Mom's the best. Apple pie is fine. But if you really want to make an American's heart pound, you're talking white-line fever: horsepower, cubic centimeters of displacement, bucket seats and a wild, swinging needle on the tachometer.
For you Americans who love cars, Central Florida is the place to go.
You can settle into Orlando for a heavy dose of internal combustion or head in almost any direction _ east to Daytona and Edgewater, north to Ocala or southwest to Sarasota.
You can get a close-up look at how manufacturers such as General Motors Corp. test their cars. Get some insight into Daytona International Speedway. Test your mettle at a top-ranked stock-car driving school. Wander through museums featuring Corvettes, dragsters or classic cars. Or munch burgers at a flashy, Hard Rock-style restaurant for people who dig stock cars and drag racing.
Disney officials expect their giant slot-car ride to surpass the popularity of Space Mountain and the Tower of Terror. It is Walt Disney World's longest and fastest ride, hitting speeds of 65 mph.
John Maciarz, GM's resident manager of the Test Track, said he wanted the exhibit to do two things: tell the story of the rigorous tests the cars go through, and give visitors an experience that could be had only by a test-car driver.
Here's the rundown: Six passengers get into a computer-operated test car _ it can develop 250 horsepower and zoom from 0 to 65 mph in 8.8 seconds _ to shoot off into a series of exciting tests.
First you'll climb a 15-degree, three-story-high hill and bump over various road surfaces.
Next you'll make two passes through a set of cones: first without anti-lock brakes, when you spin out and knock over the cones; second with ABS, when you cleanly snake through the course. Then you zip through two temperature test chambers. In one, heat lamps will broil you (briefly) at 120 degrees. In the second, you'll shiver as the temperature drops 100 degrees.
Next, you and the car are sprayed with a yucky, green "corrosive" mist followed by a test in which you almost suffer a high-speed crash into a barrier. From there, you'll zip uphill on a switch-back mountain course _ in the dark.
Finally, your car zooms outside on the test track, where you will rocket to 65 mph on a 50-degree banked track.
The entire ride will take five minutes and 34 seconds, and you will travel just short of a mile: 5,246 feet.
A preshow, to entertain the people waiting in line, focuses on actual tests performed by General Motors at the test facility in Milford, Mich. The preshow will have 22 displays, 16 of them animated: A heavy weight slams down on a car door, a simulated human butt wiggles on car seats, robot arms repeatedly open and close car doors.
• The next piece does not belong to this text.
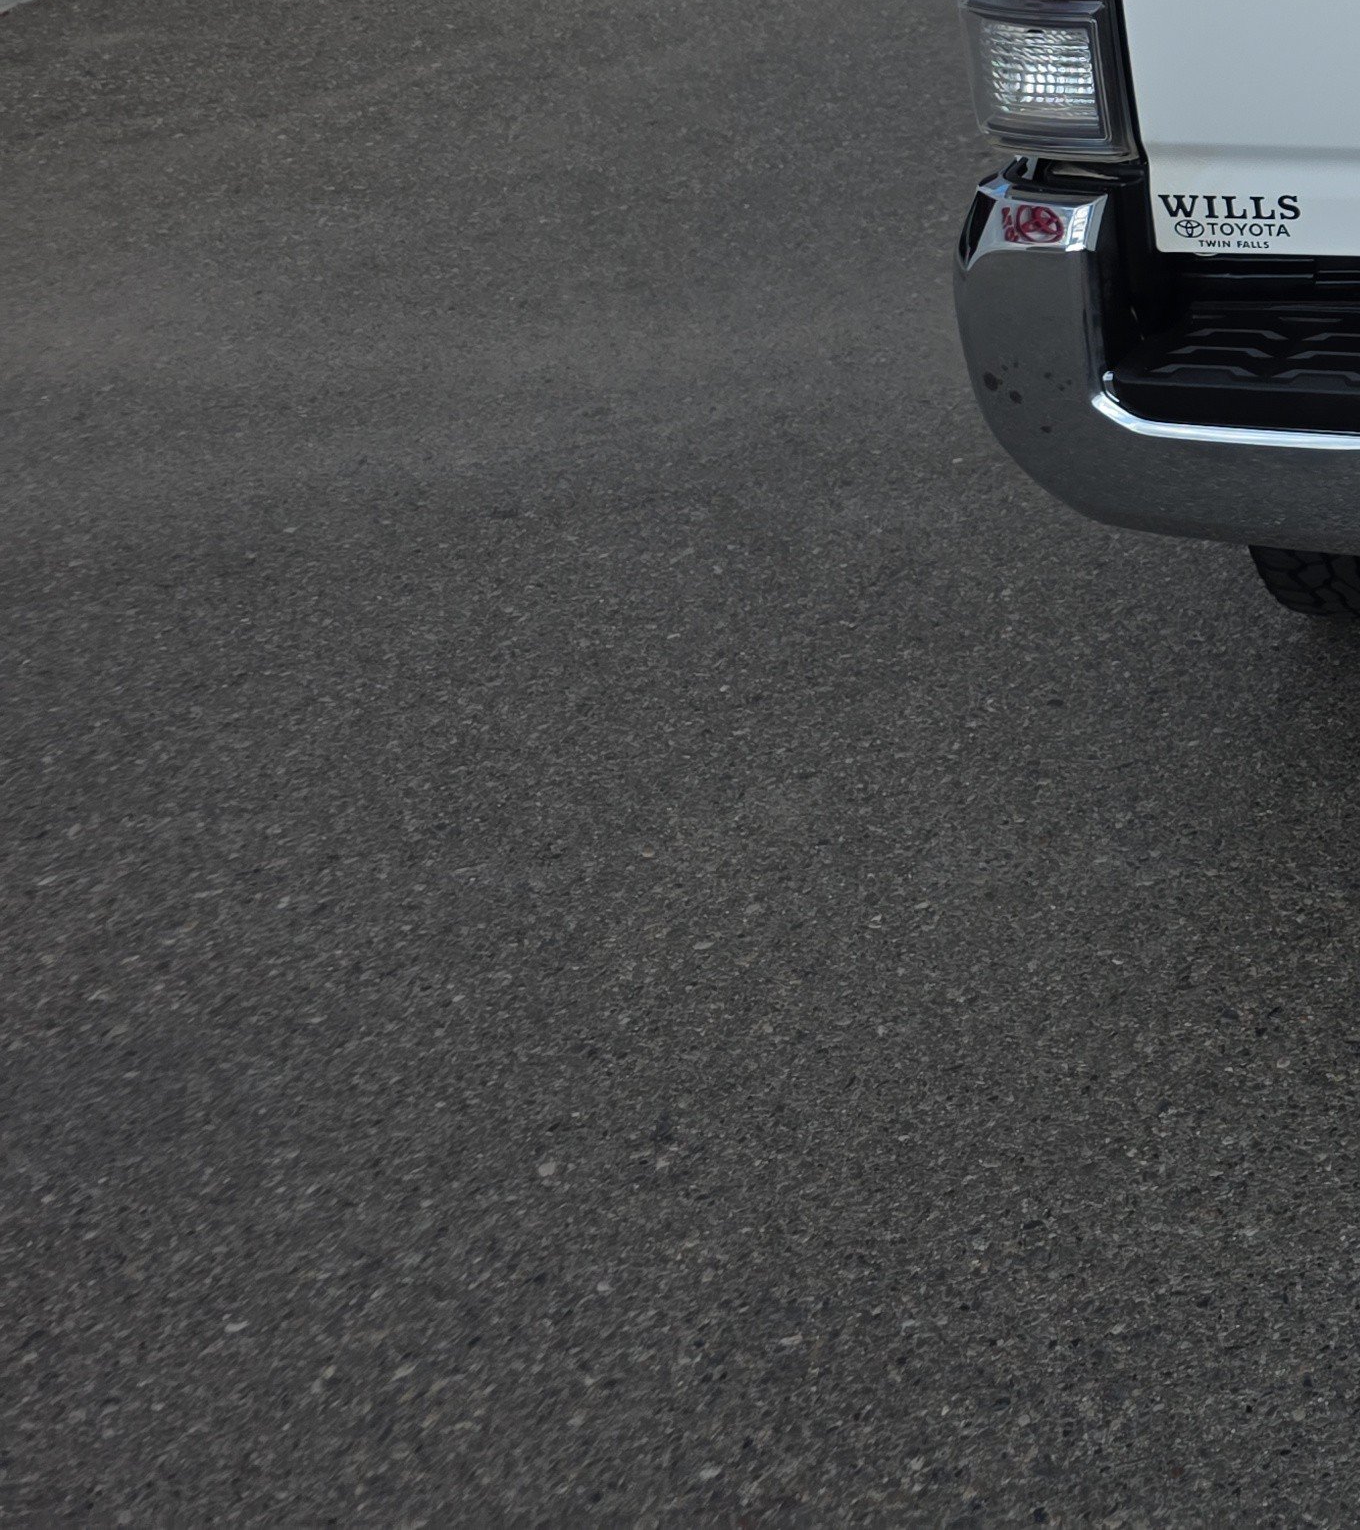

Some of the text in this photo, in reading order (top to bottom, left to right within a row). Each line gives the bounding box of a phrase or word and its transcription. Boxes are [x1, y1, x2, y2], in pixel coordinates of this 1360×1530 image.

[1157, 194, 1301, 220] WILLS
[1206, 222, 1291, 237] TOYOTA
[1198, 239, 1270, 249] TWIN FALLS
Dummies will suffer simulated crash hits on various parts of their bodies: the head, the knee, the chest.
After the ride, you can see how an auto plant stamping machine makes oil pans and how a robot welds parts. Then you will be able to test-drive simulators, using modern gizmos that show your location, tell you where to turn and alert you when other vehicles are near your car.
RACE ROCK: This restaurant is for racing fans _ drag racing, stock car racing, Formula One racing, motorcycle racing, hydroplane racing, any kind of souped-up-engine racing.
It has mannequins decked in racing suits and helmets worn by stars such as Richard Petty. Hung on the walls are dragsters, race cars and speedboats, including Miss Budweiser. Big Foot, the world's largest monster truck, is out back. Televisions show races _ and crashes. The waitresses, all with a sort of Up-With-People perkiness, are decked out in yellow racing coveralls.
The restaurant's 12 big-name investors include Petty, Gordon, Don Prudhomme, Scott Parker, Michael Andretti and Ernie Irvan.
The food is, well, basic bar food: burgers and sandwiches with names such as Fully Modified or Super-Stock and a variety of salads and pizzas.
Race Rock is on International Drive north of the Beeline Expressway. It is open Monday through Thursday from 11:30 a.m. to 11:30 p.m., Friday and Saturday from 11:30 a.m. until midnight and Sunday from 11:30 a.m. until 11 p.m. No reservations needed. Call (407) 248-9876.
DAYTONA USA: The very word "Daytona" means car racing.
It all started on March 26, 1903, when Alexander Winton in his Bullet raced Ransom E. Olds in his Pirate over 23 miles of packed sand between Daytona and Ormond Beach. It ended in a tie. The top speed: 57 mph.
Attached to the famed Daytona International Speedway is the nifty museum Daytona USA, which gives the history of racing in Daytona and of the race course. From 1936 until 1958, it was a 4.1-mile course, half on the beach and half on Highway A1A. To keep people from sneaking through the palmettos for a free look, race course officials put up signs that read: "Beware of Rattlesnakes."
The present trioval course is 2.5 miles long and 40 feet wide.
The museum is terrific, not only for its history and display of cars, but also for some first-rate hands-on experiences.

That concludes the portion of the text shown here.